Kafka ZooKeeper session expired: GC pauses, ISR drops, and controller loss
In ZooKeeper mode, a session expiry means ZK declared a broker dead. The Java process may still be running, but the cluster treats it as gone. If the broker was the controller, the metadata plane re-elects. If it was a leader, every partition it led starts a new leader election. If it was a follower, leaders remove it from the ISR. The default zookeeper.session.timeout.ms is 18000 ms, and the most common trigger is a Full GC pause longer than that window. This guide applies to Kafka clusters running in ZooKeeper mode; KRaft mode does not use ZK sessions.
What this means
A Kafka broker in ZK mode maintains a session with ZooKeeper through regular heartbeats. The timeout is governed by zookeeper.session.timeout.ms. When the broker fails to heartbeat within that window, ZK tears down the session and deletes the broker’s ephemeral nodes. The controller removes the broker from the live set. For every partition the broker led, the controller enqueues a leader election. For every partition where this broker was a follower, the leaders remove it from the ISR. The result is a burst of LeaderElectionRateAndTimeMs, a spike in IsrShrinksPerSec, and a rise in UnderReplicatedPartitions. If the expired session belonged to the active controller, the cluster also loses its metadata plane until a new controller is elected.
flowchart TD
A[Full GC pause or ZK latency] --> B[Broker misses ZK heartbeat window]

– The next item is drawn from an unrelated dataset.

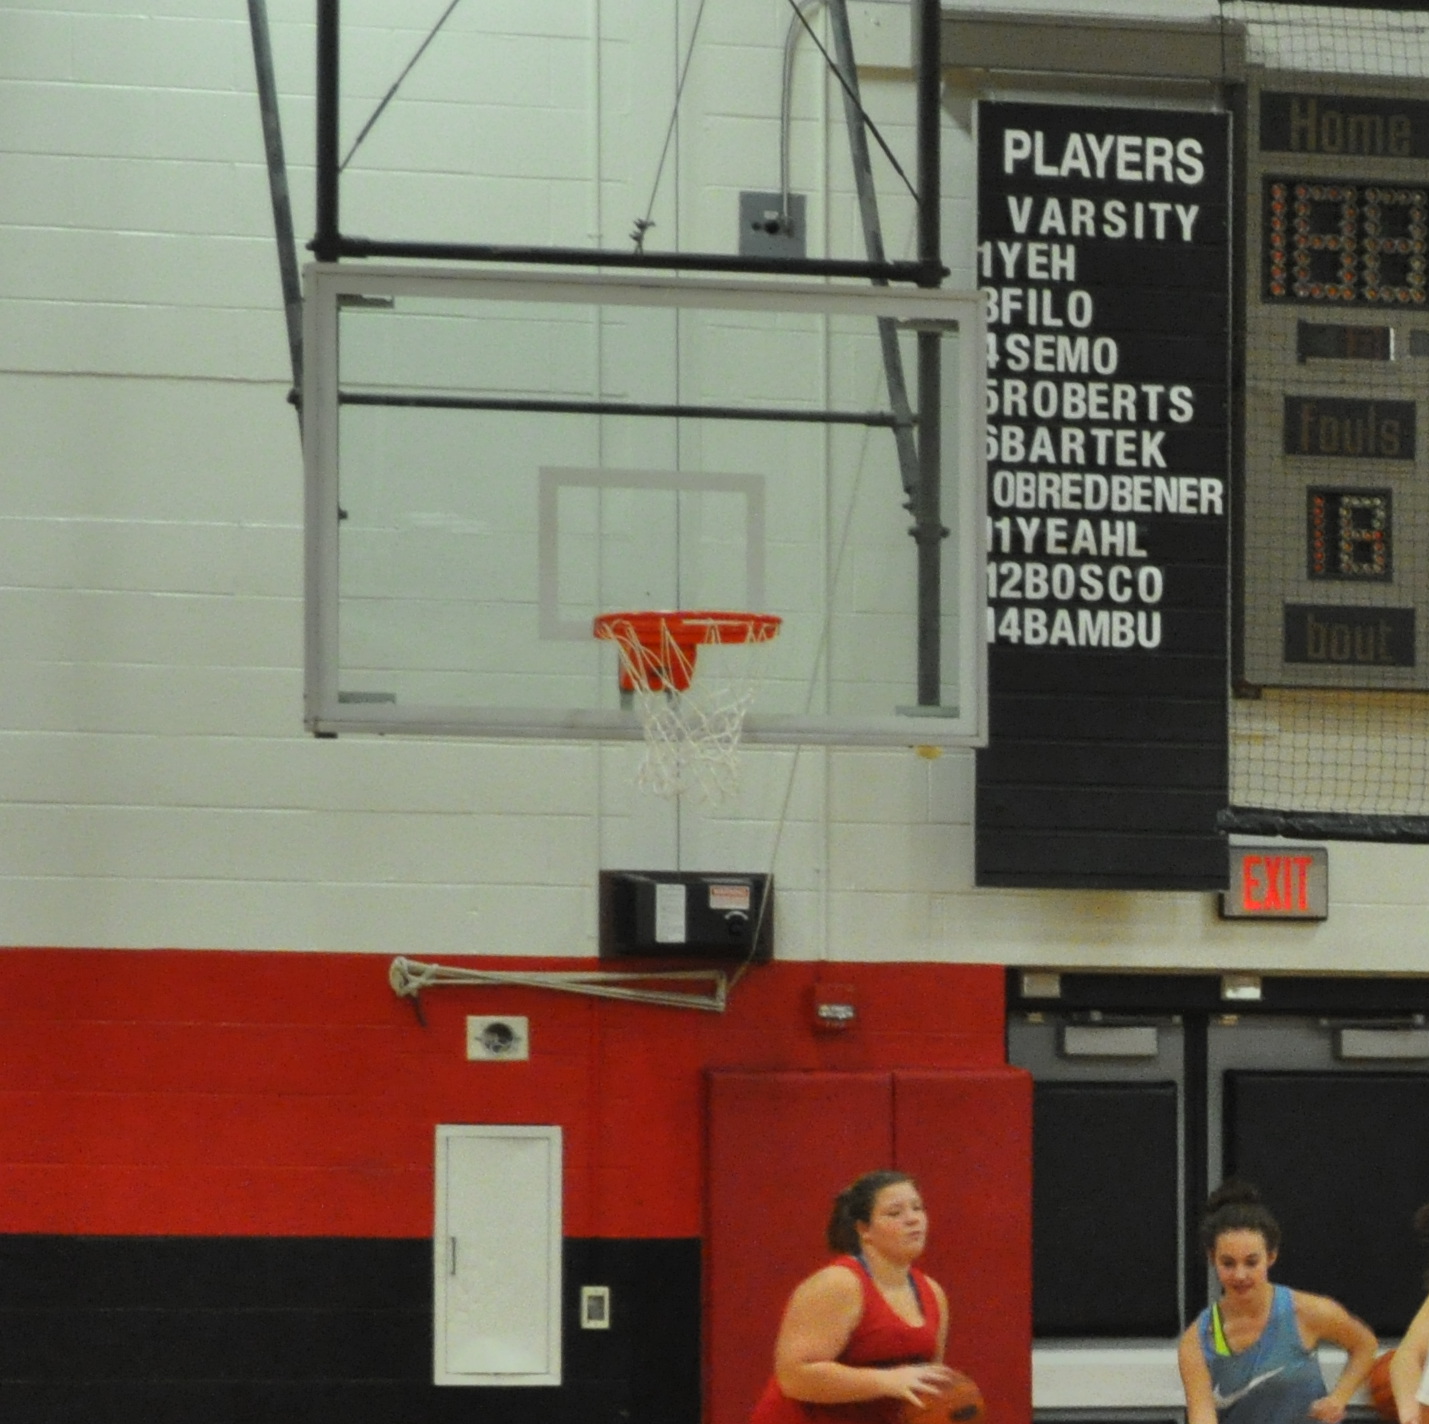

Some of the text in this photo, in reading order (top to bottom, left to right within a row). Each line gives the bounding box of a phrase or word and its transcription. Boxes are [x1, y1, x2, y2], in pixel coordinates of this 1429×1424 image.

B --> C[ZK session expires]
C --> D{Broker role}
D -->|Controller| E[Controller election starts]
D -->|Leader| F[Leader elections enqueued]
D -->|Follower| G[ISR shrinks on affected partitions]
E --> H[ActiveControllerCount sum != 1]
F --> I[UnderReplicatedPartitions rises]
G --> I
I --> J[OfflinePartitionsCount may rise]Common causes
| Cause | What it looks like | First thing to check |
|---|---|---|
| Full GC pause longer than session timeout | ZooKeeperExpiresPerSec correlates with GC log timestamps showing pauses over 18 s | jstat -gcutil <pid> 1000 5 or GC logs for Old Gen collection time |
| Network partition or latency to ZK | One broker affected, ZooKeeperRequestLatencyMs elevated, TCP retransmits high | Network path latency and ss -tnp output |
| ZK ensemble overload or slow transaction log | Multiple brokers expiring simultaneously, ZK request latency p99 over 1 s | Disk latency on ZK nodes via iostat -x |
| Broker CPU starvation or container throttling | High CPU throttled time, broker process runnable but slow to respond | /sys/fs/cgroup/cpu.stat or OS CPU metrics |
Quick checks
# Check ZK session expiration rate on the broker
# JMX port depends on your broker configuration; 9999 is used here as an example
echo "get -b kafka.server:type=SessionExpireListener,name=ZooKeeperExpiresPerSec OneMinuteRate" | java -jar jmxterm.jar -l localhost:9999
# Check active controller count across brokers
echo "get -b kafka.controller:type=KafkaController,name=ActiveControllerCount Value" | java -jar jmxterm.jar -l localhost:9999
# Check under-replicated partitions cluster-wide
echo "get -b kafka.server:type=ReplicaManager,name=UnderReplicatedPartitions Value" | java -jar jmxterm.jar -l localhost:9999
# Check GC behavior (5 samples, 1 s apart)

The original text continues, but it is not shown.